Now lets take a specific example of comical procedure. It is usual in
several jokes that we accentuate a trait mechanically, exaggerating this trait,
such as in a caricature. Erich Auerbach calls this the spotlight technique,
which consists in excessively highlighting a small part of a big and complex
context, leaving everything else that could explain or order that part in the
dark (page 361). One can do this in daily life, or in a comedy. In any case, to
carry out this operation it is first necessary to consider that everything that the
spotlight will distort can be cut and manipulated we transgress the unity. We
consider the object as decomposable and we perform a cut, we accentuate a
trait until the set itself loses its unity. This sensibility recognizes the objects as
being free: free from their representations, from their parts, from their normal
relationships there is a transgression of these convencional predicates.
Words dont designate things anymore and can be thus linked in different
ways. The logic loses its causal need and a fact can unleash an absurdity.
Finally, it is within this cutting universe, through a connecting thought, that the
comical gesture lives, as a perception (a mechanical gesture of manipulating
the sensitive). It lives through its short and direct manner which interrupting

the formal discursive chains of its safe course: we can say connect-i-cut.

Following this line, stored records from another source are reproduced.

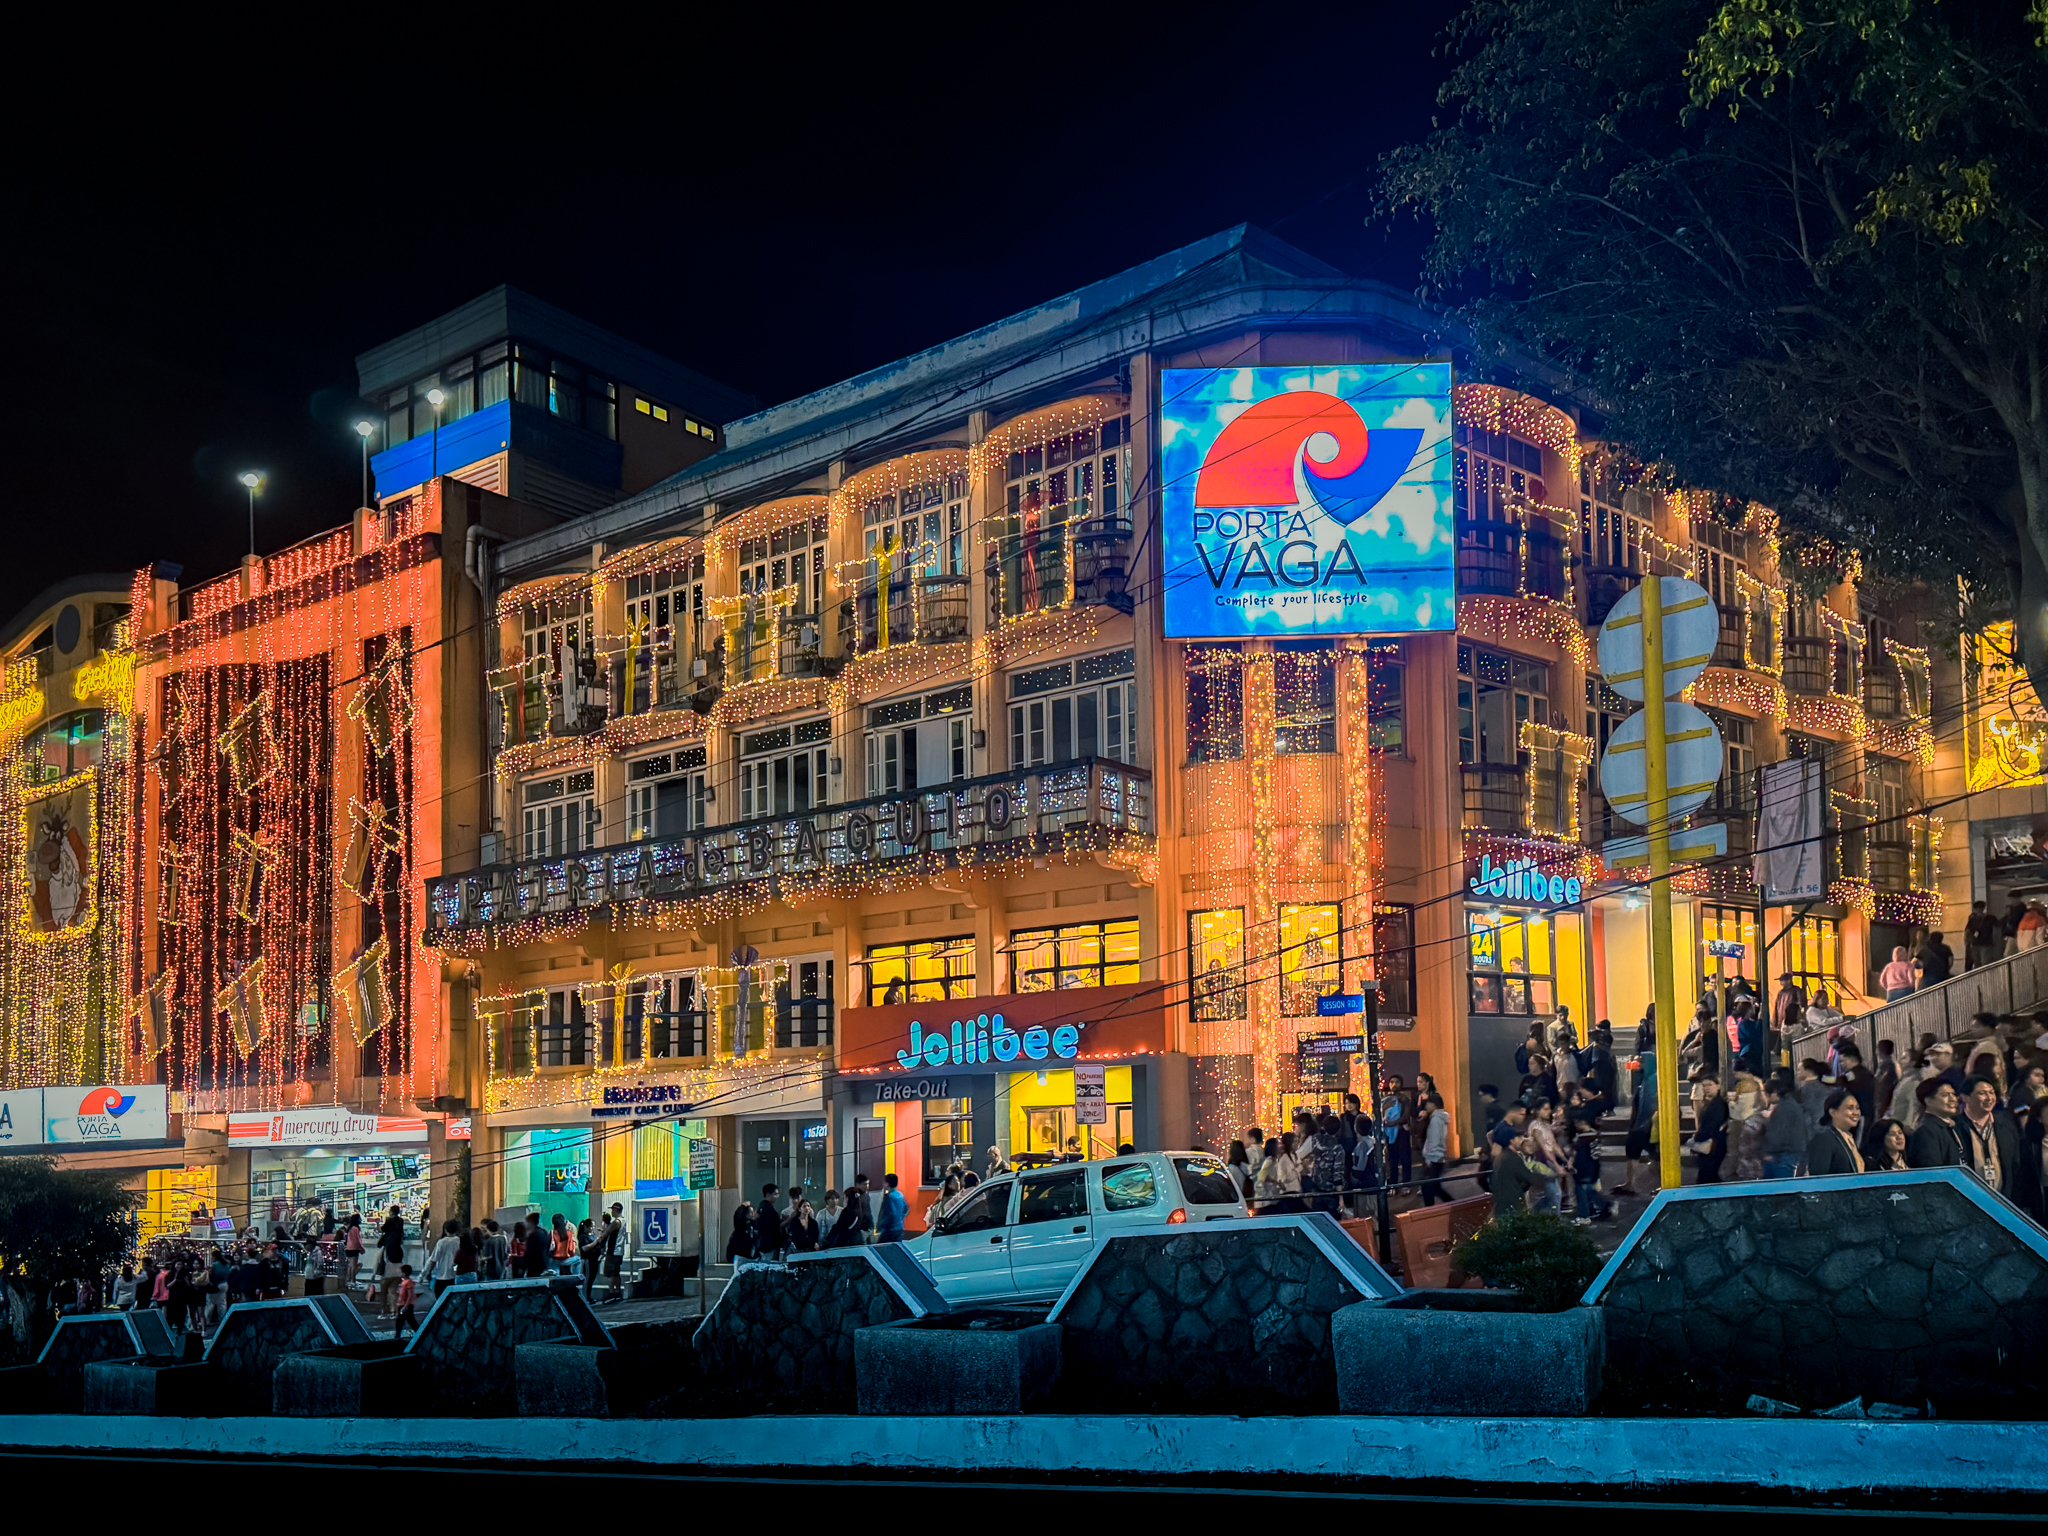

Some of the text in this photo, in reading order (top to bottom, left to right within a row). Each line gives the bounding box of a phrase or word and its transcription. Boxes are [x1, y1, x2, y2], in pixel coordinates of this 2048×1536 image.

[1193, 510, 1312, 541] PORTA
[1195, 539, 1367, 589] VAGA
[1215, 591, 1368, 608] Complete your lifestyle
[464, 788, 1013, 909] PATRIA de BAGUIO
[1470, 854, 1582, 904] Jollibee
[1471, 932, 1494, 957] 24
[1473, 955, 1492, 964] HOURS
[1322, 999, 1358, 1010] SESSION RD.
[896, 1013, 1080, 1069] Jollibee
[874, 1079, 949, 1100] Take-Out
[77, 1116, 107, 1124] PORTA
[77, 1122, 121, 1136] VAGA
[284, 1117, 374, 1136] mercury drug
[691, 1140, 698, 1151] 3

As
Dufrenne says, happy is the one who thinks with his hands. This is why we
never fail to laugh when we see the participants of reality shows represented
as stupid and boring people.
Now we can perceive the real danger that the comic offers poses to
moral judgment. By recognizing objects as free, without being satisfied with
parts and unity, the comic can dismiss everything. Essentially a transgressor,
the comic appears to the generalizing morality as the essential escaping
force. A pure force that only wills itself, laughter only wants to laugh. However,
we admit that at some point we can feel some unpleasantness in relation to
the comic and to release ourselves of this it is necessary to make it
aesthetic. Not to contemplate upon it, because a joke is not properly beautiful,
but to produce short circuits in the formal order of the Law. Thus, we must
open up a space to an alternative way of receiving the comic, by finding the
possibilities that different laughter might imply beyond morality. It is only by
recognizing the force of the comic, and not the pleasure or its entertainment,
that we can better understand it as an aesthetic social phenomenon and give
it a new use. Only then can we think about cases with no general principle or
means of evaluation. This sensibility finally leads us to seek our own
comicality, to violate our own individual laws equally established by its form.

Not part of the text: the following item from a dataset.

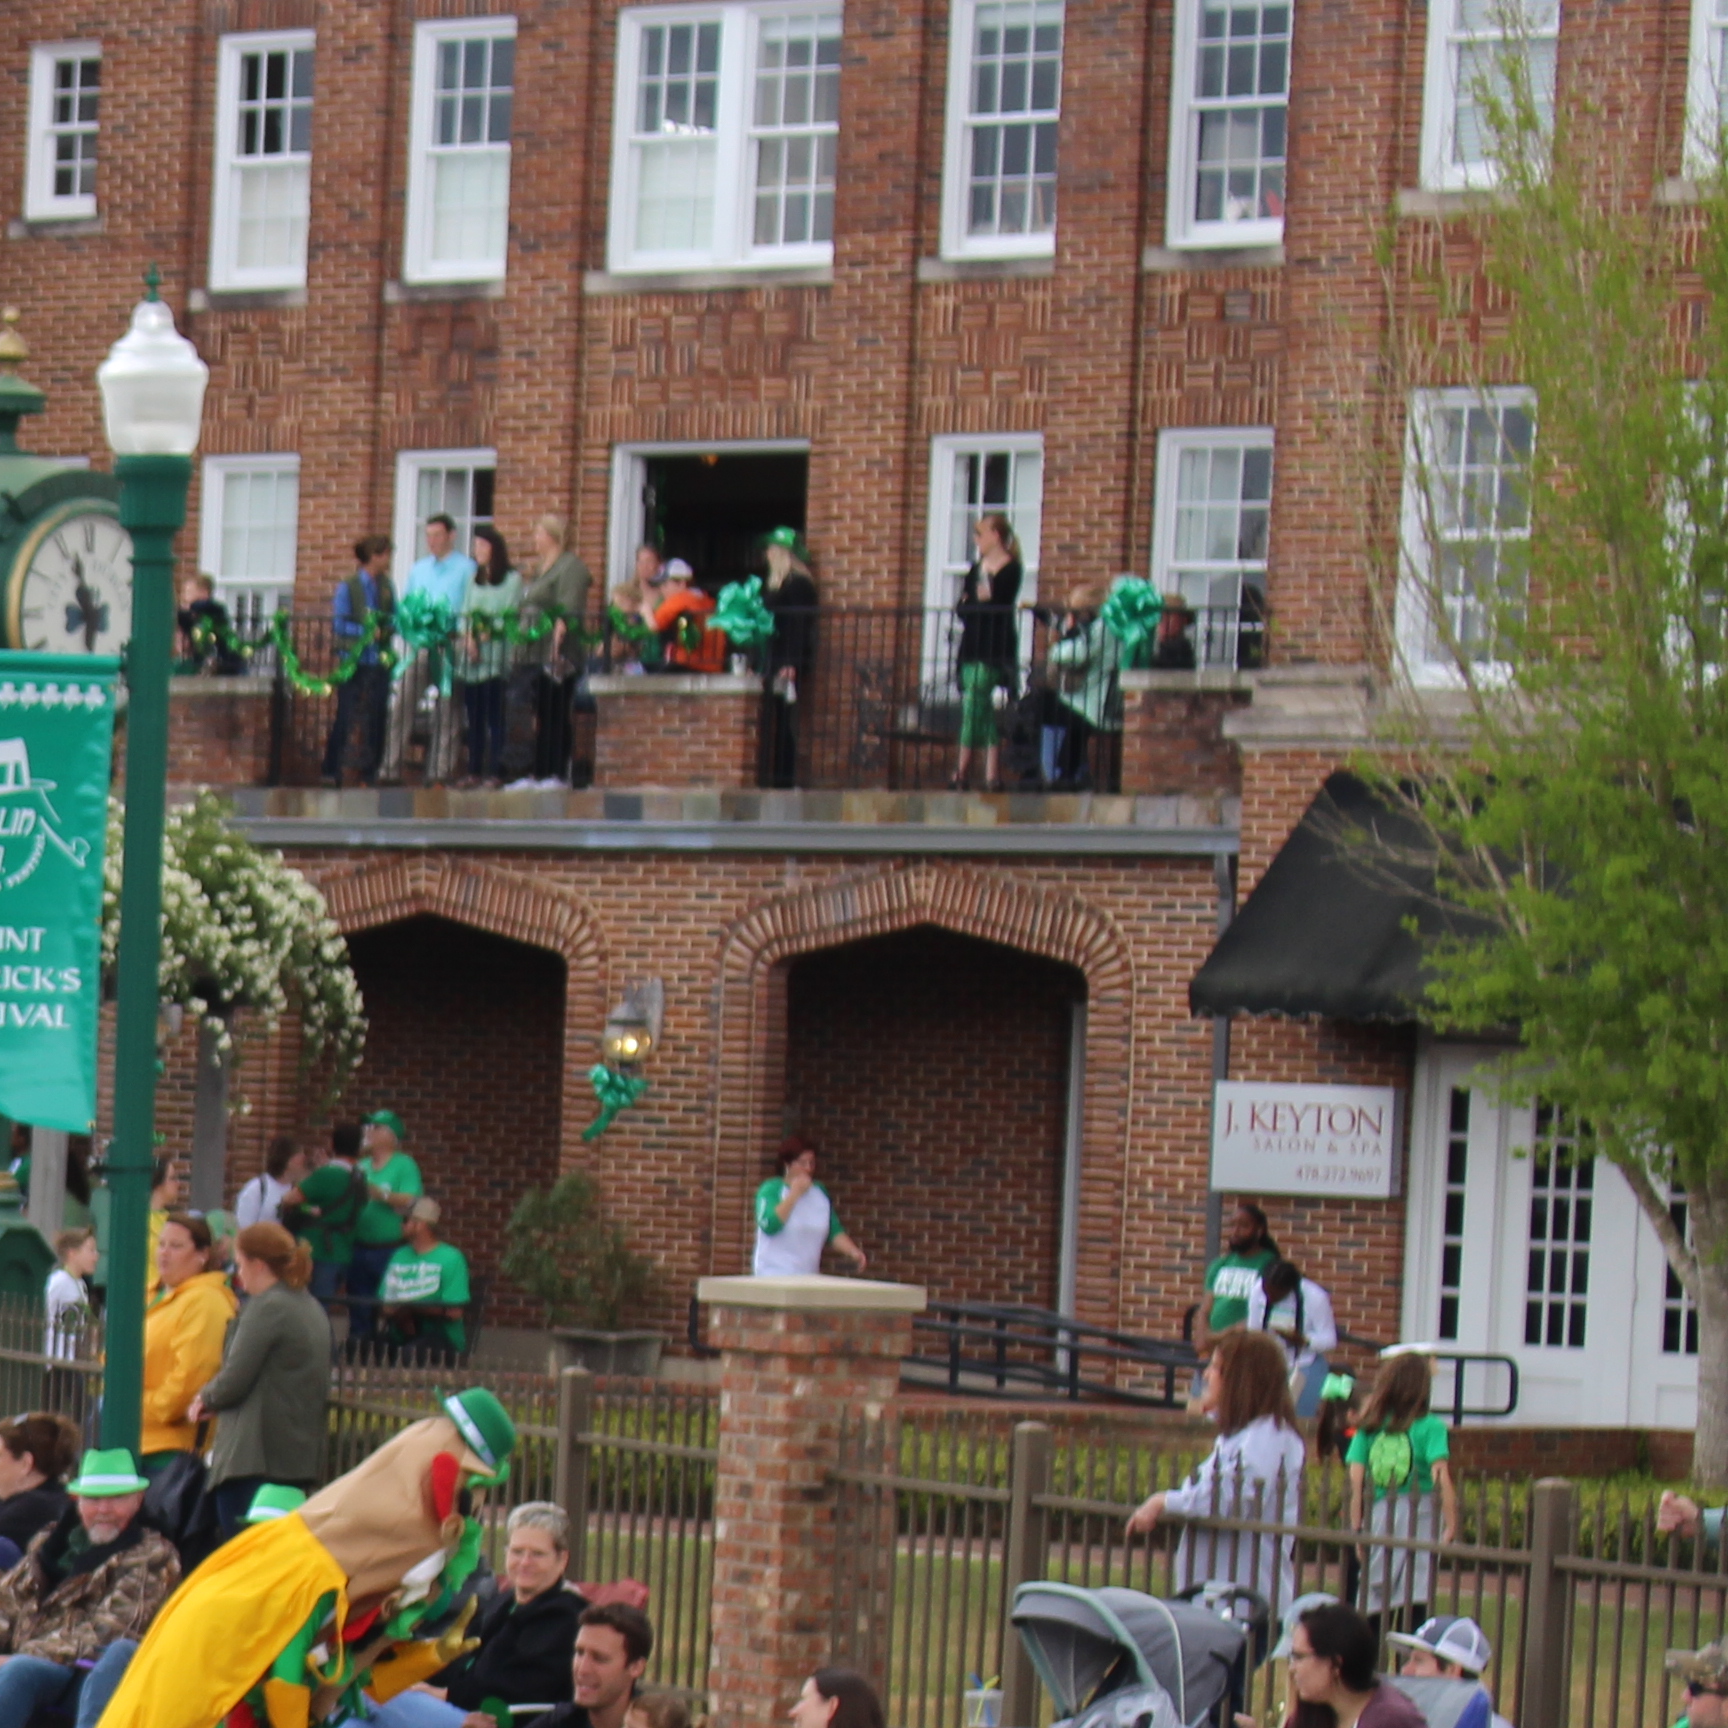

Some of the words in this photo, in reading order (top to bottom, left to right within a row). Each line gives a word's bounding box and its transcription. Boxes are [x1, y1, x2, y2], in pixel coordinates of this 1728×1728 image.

[1224, 1102, 1240, 1139] J.
[1249, 1102, 1383, 1136] KEYTON
[1253, 1137, 1317, 1154] SALON
[1350, 1140, 1383, 1157] SPA

The comic offers us a synthesis of this amoral and unmeasured reasoning; by
comicality we release form, disconnect the apparent determination by
transpassing good and evil, thus affirming the power of thought itself.

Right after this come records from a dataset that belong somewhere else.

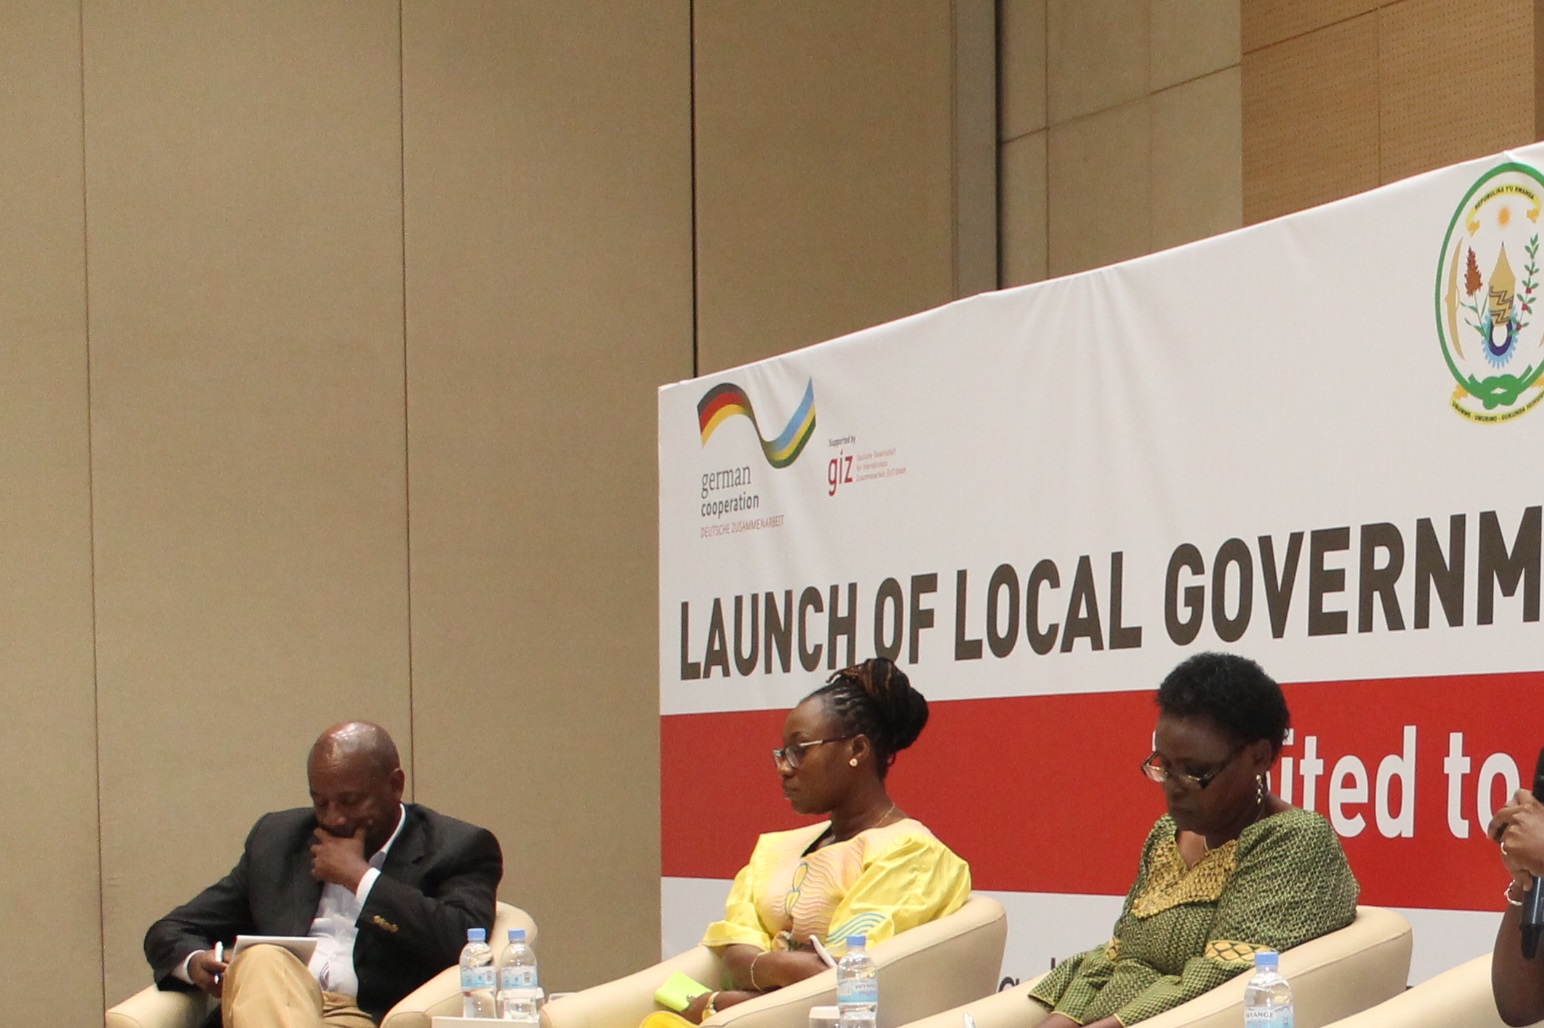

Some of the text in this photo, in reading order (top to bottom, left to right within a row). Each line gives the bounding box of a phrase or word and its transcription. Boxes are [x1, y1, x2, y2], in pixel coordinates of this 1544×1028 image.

[701, 465, 751, 499] german
[828, 449, 854, 497] giz
[701, 491, 760, 519] cooperation
[680, 582, 858, 681] LAUNCH
[874, 572, 938, 665] OF
[955, 551, 1143, 662] LOCAL

Finally, we can say that moral judgment would never accept being
ridiculous. This would be to admit the fragility of its universalist pretention. But
we know that there is no base for these generalities and that the legal field
tends to be transformed once again. We can be ridiculous, since we are
infinitely different to each other and it is necessary to see in this a true ethical
principle instead of believing that we are all equal before an abstract Law.
This is what the comic wants to teach us, to live within our differences,
enhancing our thought; teaching us to live with our parts without unitary
sense, in a world with no single direction.